One strength of a differentiation strategy is that it builds on the unique qualities in a product. The company analyzes the specific product and compares it with similar products offered by competitors. After comparing, the company creates a list of characteristics its products contain that the competition’s products lack. These characteristics differentiate the product, and the company communicates these qualities to customers through individual customer interaction and by including this information in its advertising.
Some companies build on their reputation when using a differentiation strategy, using company image as a strength. Consumers expect some companies to build innovative features into their products as a result of the company’s previous products which included unique features. These companies market their brand and their business by communicating their past successes as an indication of the company’s current and future performance. Customers recognize the company and connect its image as one that meets different standards than other companies.
One weakness of using a differentiation strategy involves the challenge of changing the customer perception. Many consumers perceive the product as equivalent to alternative products offered in the marketplace at a lower price. Consider cereal. Large companies strive to differentiate their cereal brand as a higher quality than cheaper cereals. However, many consumers purchase store-brand cereal because they consider the products equivalent.
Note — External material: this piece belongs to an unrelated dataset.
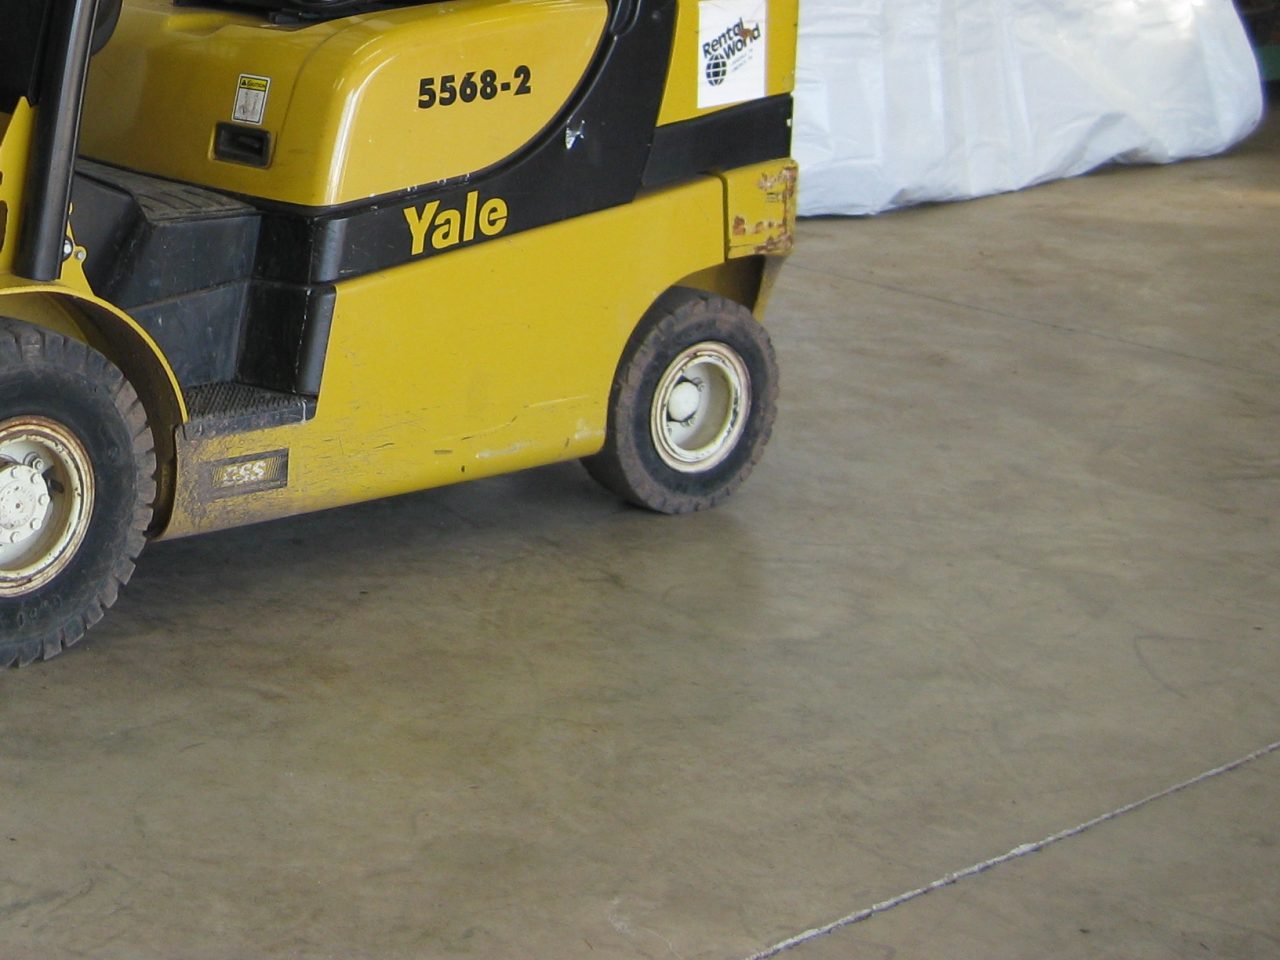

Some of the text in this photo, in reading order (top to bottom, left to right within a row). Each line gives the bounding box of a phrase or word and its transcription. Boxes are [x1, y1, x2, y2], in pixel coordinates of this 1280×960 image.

Pursuing a differentiation strategy requires a larger financial investment from the company, another weakness. In order for a company to convince consumers that its product includes unique features, it needs to communicate this information to the consumers. These companies use advertising to show consumers the differences. Television commercials and magazine ads come at a high cost for the company. Direct mail advertising includes paying for postage for consumers whether they purchase the product or not.